Stored data entries:
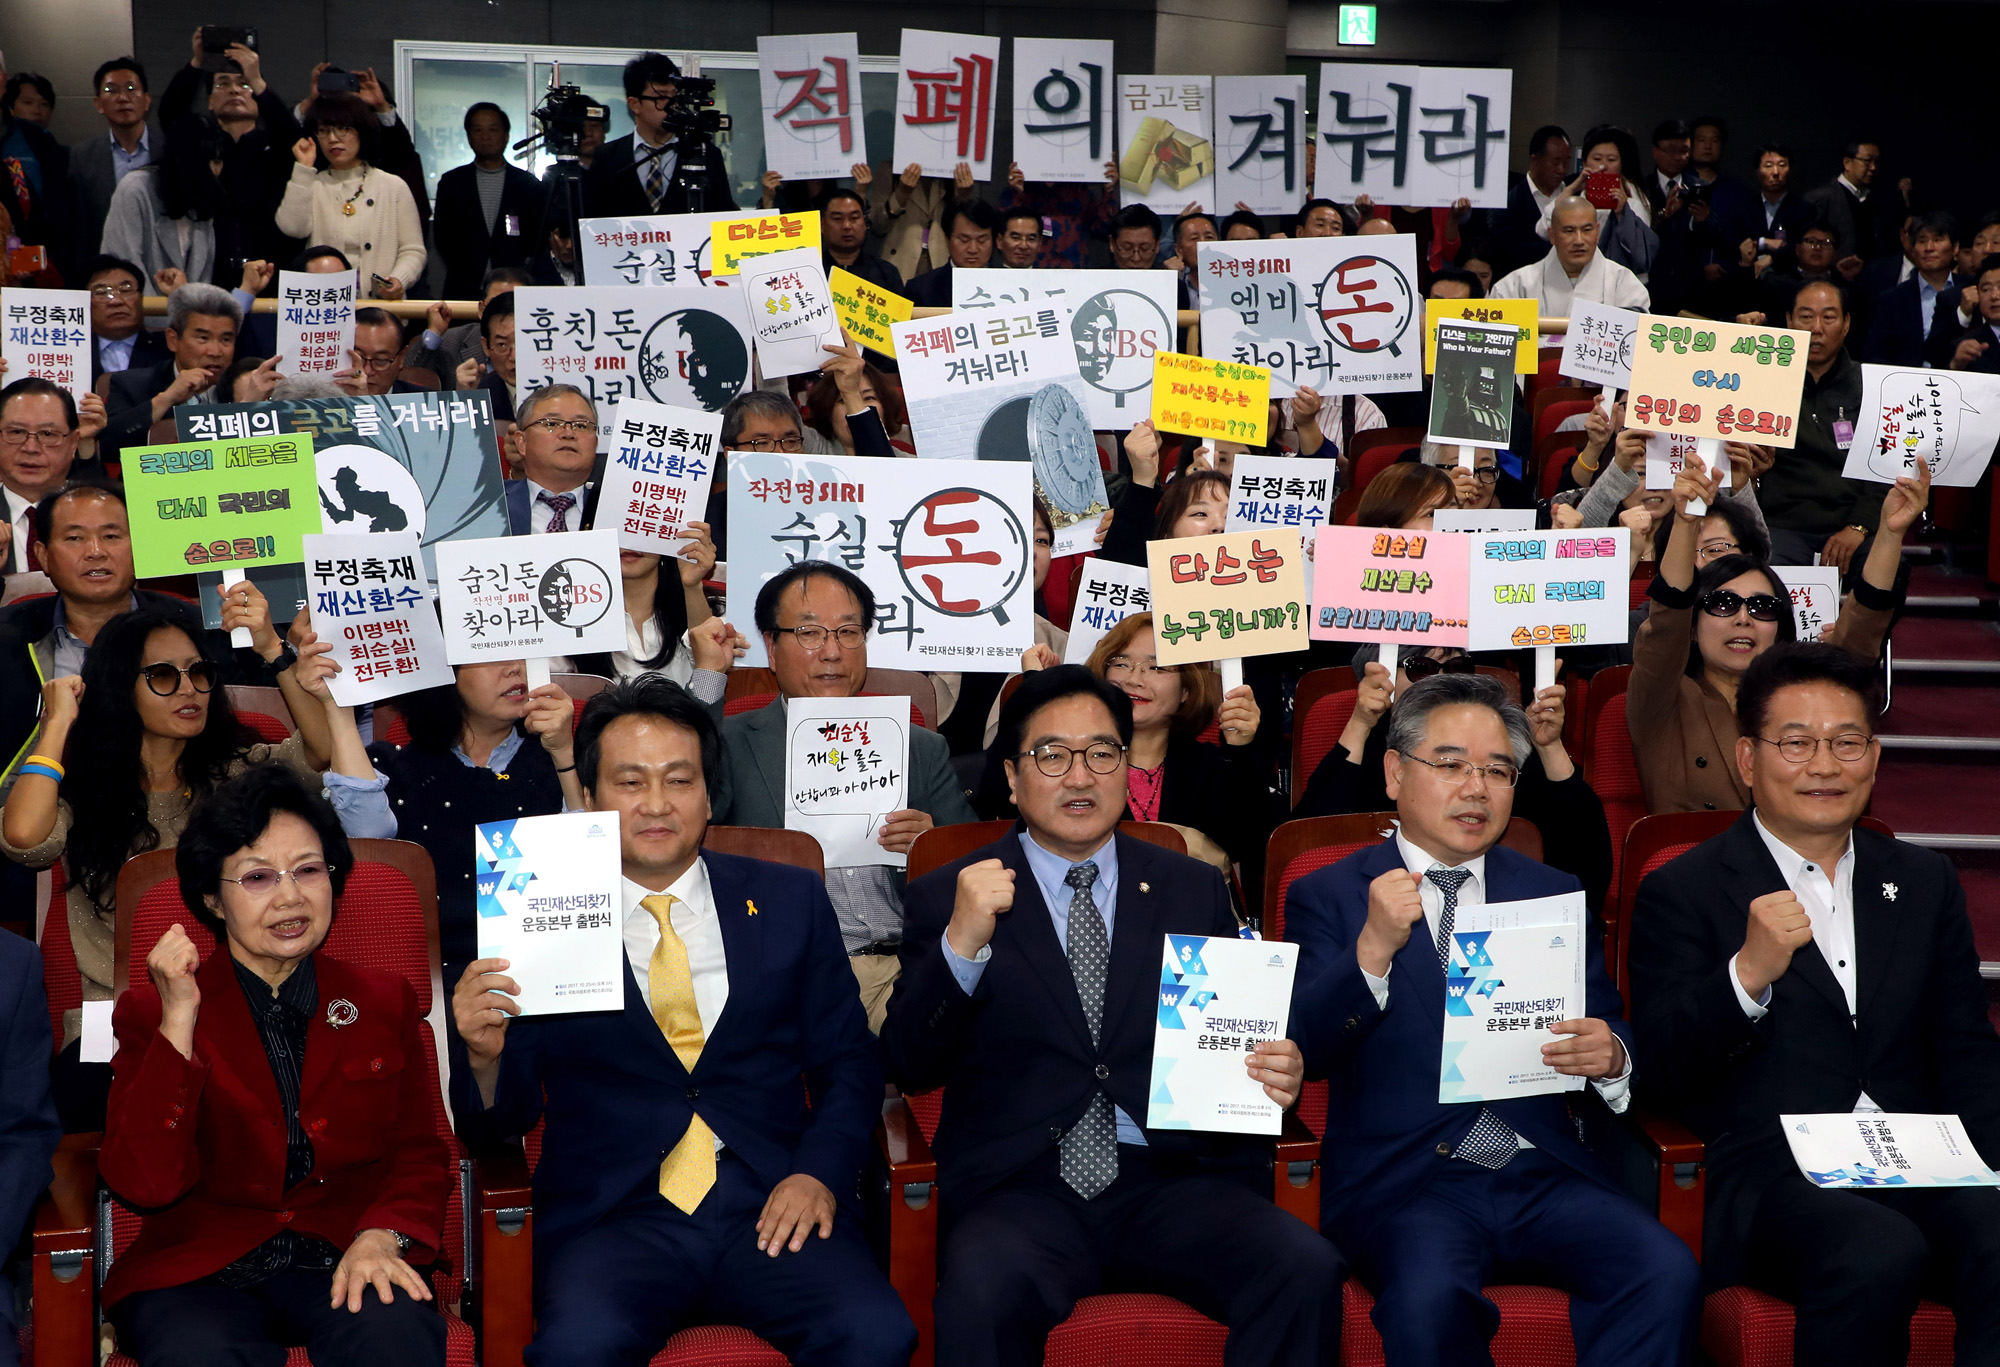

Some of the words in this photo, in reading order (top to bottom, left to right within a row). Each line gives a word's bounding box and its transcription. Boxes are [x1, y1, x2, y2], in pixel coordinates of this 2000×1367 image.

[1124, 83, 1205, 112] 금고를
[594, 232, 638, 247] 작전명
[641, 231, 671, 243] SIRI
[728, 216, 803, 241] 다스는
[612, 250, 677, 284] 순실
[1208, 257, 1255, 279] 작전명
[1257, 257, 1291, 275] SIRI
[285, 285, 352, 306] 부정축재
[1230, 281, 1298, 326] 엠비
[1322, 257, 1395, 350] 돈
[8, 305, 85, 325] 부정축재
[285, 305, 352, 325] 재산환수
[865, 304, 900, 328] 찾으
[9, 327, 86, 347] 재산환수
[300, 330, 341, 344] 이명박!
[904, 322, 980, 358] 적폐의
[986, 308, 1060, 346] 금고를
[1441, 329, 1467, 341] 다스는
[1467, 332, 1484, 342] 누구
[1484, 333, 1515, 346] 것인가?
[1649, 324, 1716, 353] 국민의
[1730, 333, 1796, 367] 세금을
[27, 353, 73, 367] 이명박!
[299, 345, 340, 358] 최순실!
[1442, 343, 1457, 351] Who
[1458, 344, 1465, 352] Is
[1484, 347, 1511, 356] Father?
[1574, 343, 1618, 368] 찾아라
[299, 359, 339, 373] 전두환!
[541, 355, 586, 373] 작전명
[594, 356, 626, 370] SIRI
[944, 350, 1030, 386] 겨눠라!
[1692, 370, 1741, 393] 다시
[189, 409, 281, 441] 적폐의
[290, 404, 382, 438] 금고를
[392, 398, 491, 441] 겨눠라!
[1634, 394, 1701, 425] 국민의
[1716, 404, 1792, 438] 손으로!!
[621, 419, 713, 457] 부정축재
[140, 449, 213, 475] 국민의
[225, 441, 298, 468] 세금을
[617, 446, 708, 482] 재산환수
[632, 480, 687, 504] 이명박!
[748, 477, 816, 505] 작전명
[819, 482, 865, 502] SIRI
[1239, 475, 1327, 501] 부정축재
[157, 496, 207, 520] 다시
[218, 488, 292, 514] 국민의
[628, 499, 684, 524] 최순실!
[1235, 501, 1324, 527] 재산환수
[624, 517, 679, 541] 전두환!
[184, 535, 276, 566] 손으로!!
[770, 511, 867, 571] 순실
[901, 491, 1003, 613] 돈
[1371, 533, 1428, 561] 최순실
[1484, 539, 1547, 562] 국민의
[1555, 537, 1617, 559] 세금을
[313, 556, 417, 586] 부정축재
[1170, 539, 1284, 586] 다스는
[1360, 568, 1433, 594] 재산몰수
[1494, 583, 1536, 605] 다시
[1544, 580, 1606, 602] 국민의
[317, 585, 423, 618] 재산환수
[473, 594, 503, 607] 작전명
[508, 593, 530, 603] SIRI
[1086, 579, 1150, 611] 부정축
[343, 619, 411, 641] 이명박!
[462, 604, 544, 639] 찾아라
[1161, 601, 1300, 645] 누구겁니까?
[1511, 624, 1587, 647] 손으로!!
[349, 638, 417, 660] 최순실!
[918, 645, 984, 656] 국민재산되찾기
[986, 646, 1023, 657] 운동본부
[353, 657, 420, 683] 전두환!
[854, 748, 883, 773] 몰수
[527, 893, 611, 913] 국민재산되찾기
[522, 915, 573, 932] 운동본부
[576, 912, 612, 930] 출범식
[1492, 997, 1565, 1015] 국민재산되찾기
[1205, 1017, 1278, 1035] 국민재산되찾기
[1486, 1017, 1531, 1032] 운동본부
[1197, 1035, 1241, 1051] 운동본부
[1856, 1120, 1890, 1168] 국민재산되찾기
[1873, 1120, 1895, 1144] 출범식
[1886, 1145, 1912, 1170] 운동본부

Your objective: Each line of the entries above that has the word "부정축재" is to be copied.

Answer for the task:
[285, 285, 352, 306] 부정축재
[8, 305, 85, 325] 부정축재
[621, 419, 713, 457] 부정축재
[1239, 475, 1327, 501] 부정축재
[313, 556, 417, 586] 부정축재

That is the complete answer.